● **BRIEF**
Whatever appears in the records apart from pictures must be reproduced exactly.

BEGIN SUPPLIED ENTRIES

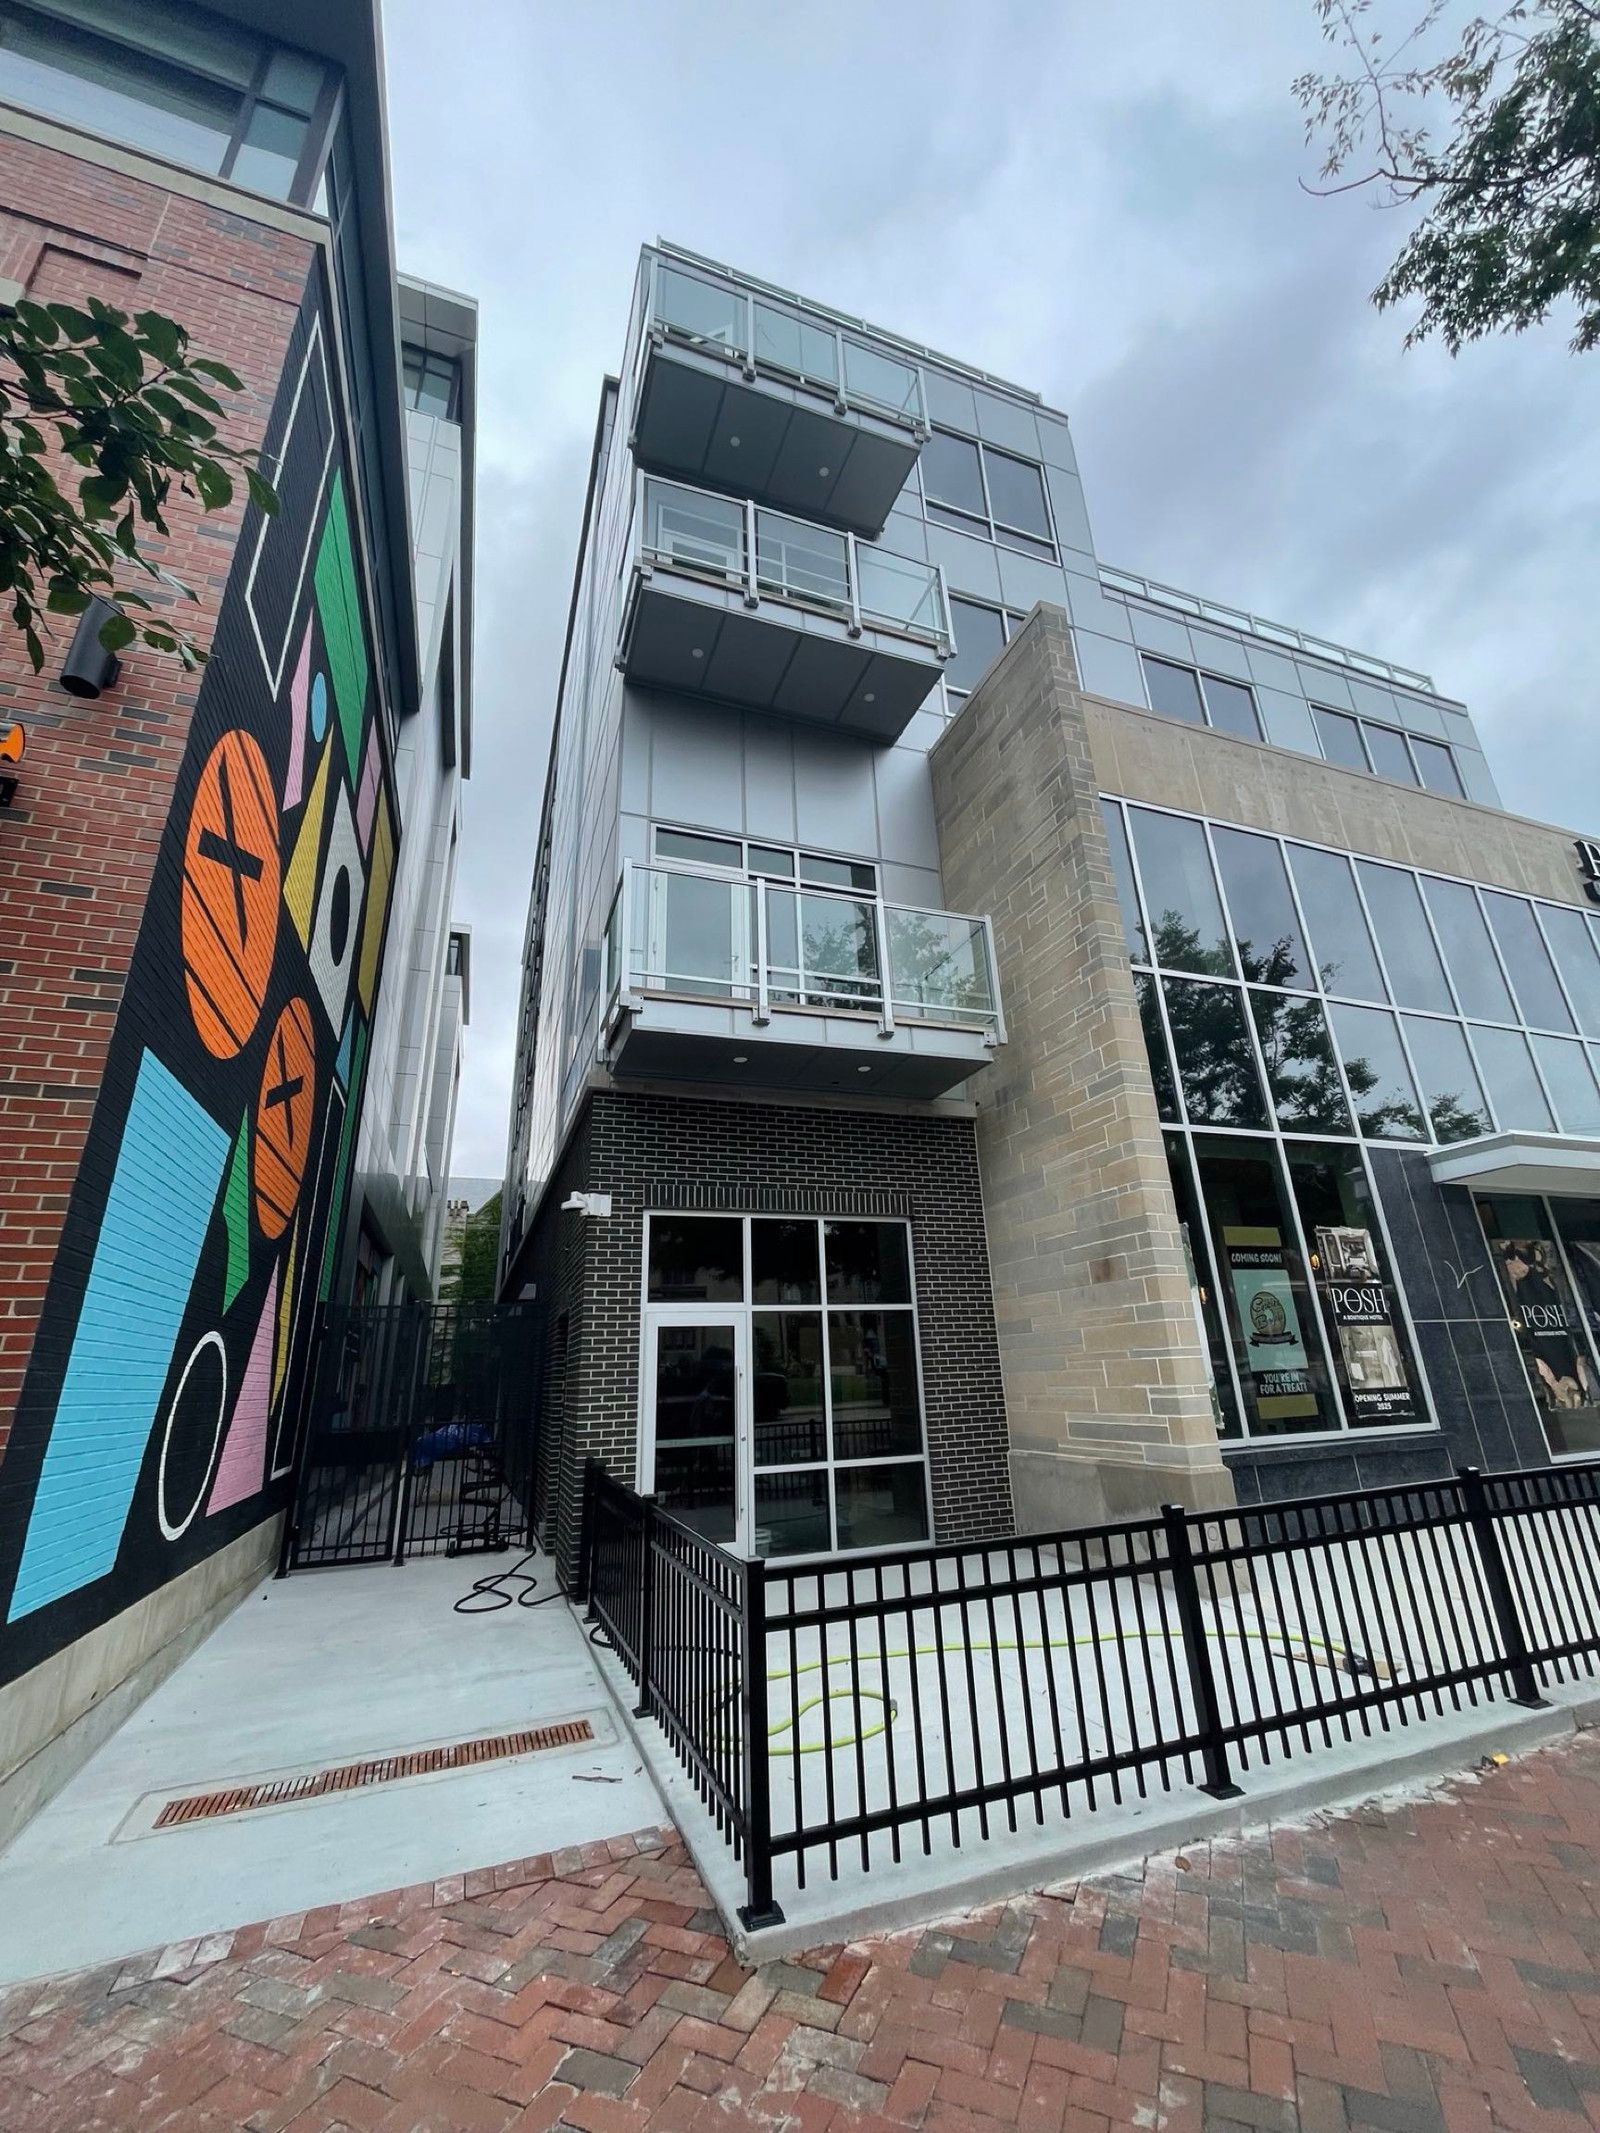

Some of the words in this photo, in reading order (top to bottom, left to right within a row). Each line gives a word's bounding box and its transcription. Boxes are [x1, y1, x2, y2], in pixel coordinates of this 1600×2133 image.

[1231, 1252, 1260, 1263] COMING
[1331, 1288, 1390, 1313] POSH
[1520, 1304, 1570, 1328] POSH
[1290, 1371, 1300, 1382] IN
[1260, 1384, 1276, 1394] FOR
[1275, 1383, 1283, 1393] A
[1354, 1393, 1383, 1402] OPENING
[1383, 1392, 1411, 1401] SUMMER
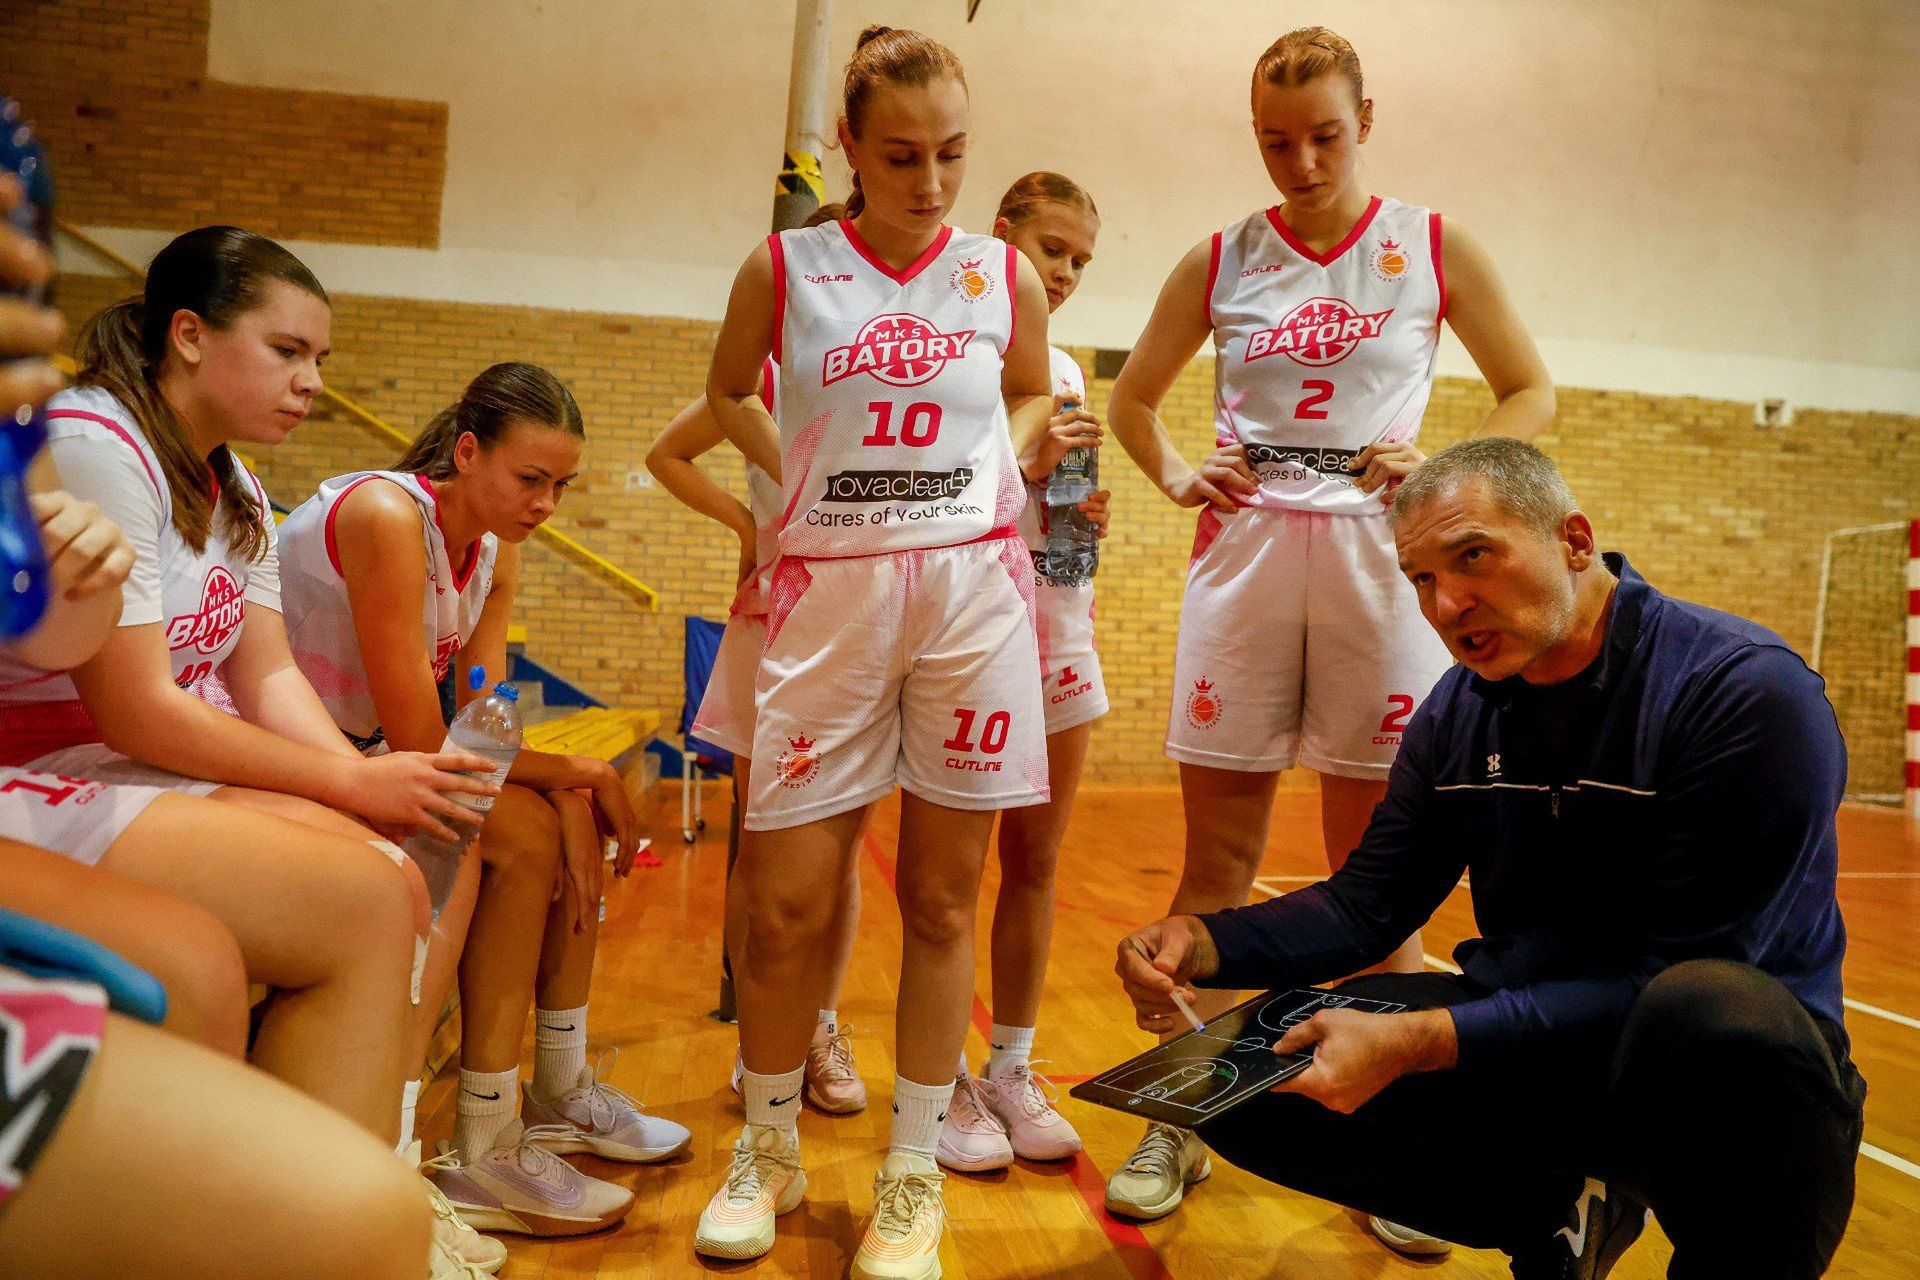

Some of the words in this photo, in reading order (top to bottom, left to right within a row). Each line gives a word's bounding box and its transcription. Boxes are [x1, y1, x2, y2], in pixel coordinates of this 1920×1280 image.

[1299, 309, 1340, 323] MKS
[876, 327, 922, 339] MKS
[1252, 313, 1387, 354] BATORY
[827, 331, 974, 383] BATORY
[1294, 379, 1335, 420] 2
[862, 401, 943, 448] 10
[807, 509, 864, 526] Cares
[871, 507, 890, 524] of
[897, 505, 941, 522] Your
[944, 503, 984, 516] skin
[209, 588, 230, 609] MKS
[167, 597, 243, 647] BATOR
[1051, 681, 1093, 704] CUTLINE
[1380, 694, 1414, 732] 2
[943, 708, 1010, 755] 10
[1372, 736, 1403, 745] CUTL
[945, 757, 1003, 773] CUTLINE

END SUPPLIED ENTRIES

● **SOLUTION TO THIS EXERCISE**
Some of the words in this photo, in reading order (top to bottom, left to right within a row). Each line gives a word's bounding box and its transcription. Boxes are [x1, y1, x2, y2], in pixel coordinates of this 1600×2133 image.

[1231, 1252, 1260, 1263] COMING
[1331, 1288, 1390, 1313] POSH
[1520, 1304, 1570, 1328] POSH
[1290, 1371, 1300, 1382] IN
[1260, 1384, 1276, 1394] FOR
[1275, 1383, 1283, 1393] A
[1354, 1393, 1383, 1402] OPENING
[1383, 1392, 1411, 1401] SUMMER

Some of the words in this photo, in reading order (top to bottom, left to right within a row). Each line gives a word's bounding box and its transcription. Boxes are [x1, y1, x2, y2], in pixel coordinates of this 1920×1280 image.

[1299, 309, 1340, 323] MKS
[876, 327, 922, 339] MKS
[1252, 313, 1387, 354] BATORY
[827, 331, 974, 383] BATORY
[1294, 379, 1335, 420] 2
[862, 401, 943, 448] 10
[807, 509, 864, 526] Cares
[871, 507, 890, 524] of
[897, 505, 941, 522] Your
[944, 503, 984, 516] skin
[209, 588, 230, 609] MKS
[167, 597, 243, 647] BATOR
[1051, 681, 1093, 704] CUTLINE
[1380, 694, 1414, 732] 2
[943, 708, 1010, 755] 10
[1372, 736, 1403, 745] CUTL
[945, 757, 1003, 773] CUTLINE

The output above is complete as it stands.